All records below are to be transcribed exactly, with every picture left out.
====
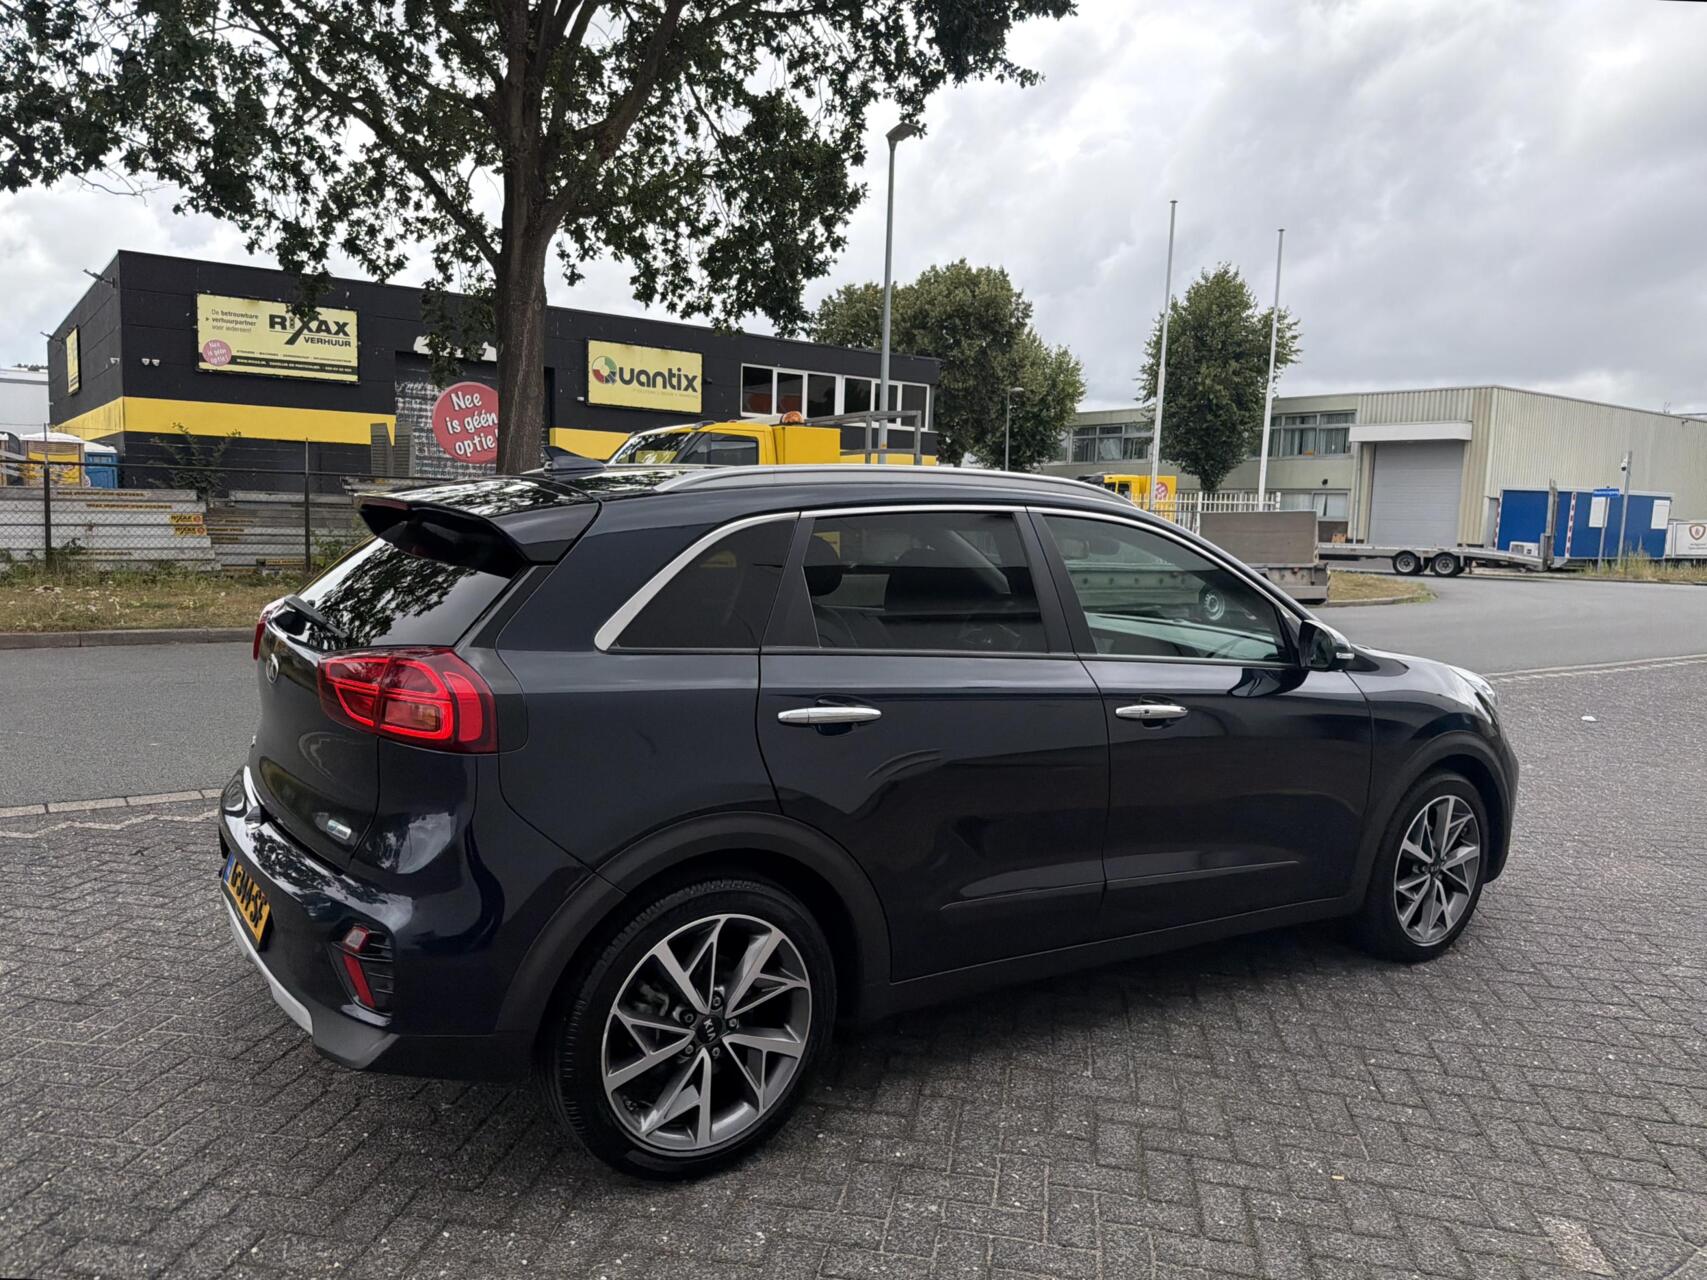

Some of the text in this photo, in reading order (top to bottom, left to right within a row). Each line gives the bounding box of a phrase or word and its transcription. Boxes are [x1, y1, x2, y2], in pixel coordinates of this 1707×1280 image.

[221, 310, 259, 319] betrouwbare
[304, 336, 351, 347] VERHUUR
[592, 356, 698, 393] Quantix
[451, 391, 482, 411] Nee
[446, 409, 498, 434] is géén
[704, 1018, 716, 1041] KIA
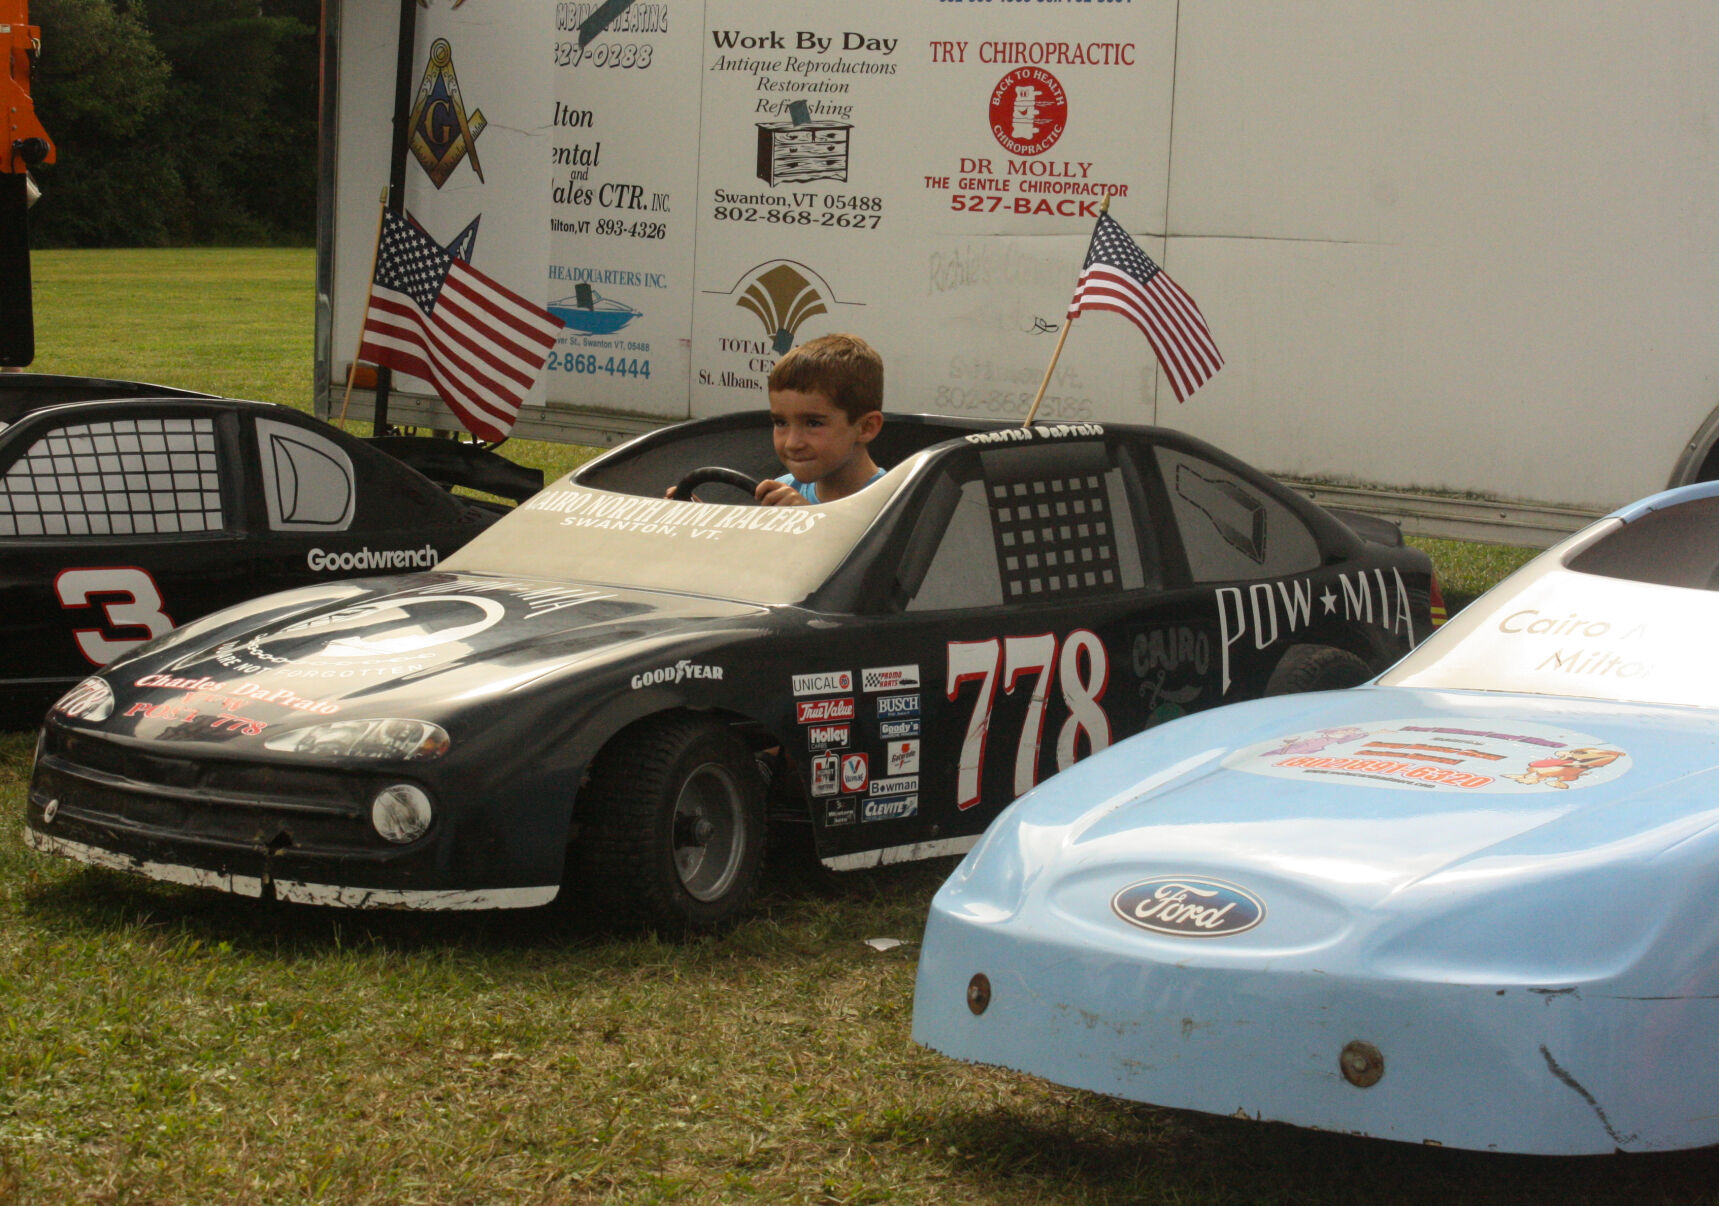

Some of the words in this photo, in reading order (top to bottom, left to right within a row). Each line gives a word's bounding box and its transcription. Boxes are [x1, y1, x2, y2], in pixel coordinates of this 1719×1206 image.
====
- Output of the task:
Some of the text in this photo, in reading order (top to bottom, left to right within a row). Each line gives the bounding box of a phrase or word and its transcription. Boxes are [x1, y1, x2, y2], in pixel coordinates of this 1707×1280 image.

[221, 310, 259, 319] betrouwbare
[304, 336, 351, 347] VERHUUR
[592, 356, 698, 393] Quantix
[451, 391, 482, 411] Nee
[446, 409, 498, 434] is géén
[704, 1018, 716, 1041] KIA

Some of the words in this photo, in reading order (top to bottom, left to right within a row). Each line gives a word's bounding box and its transcription. Boxes are [x1, y1, x2, y2], in pixel coordinates of this 1719×1206 image.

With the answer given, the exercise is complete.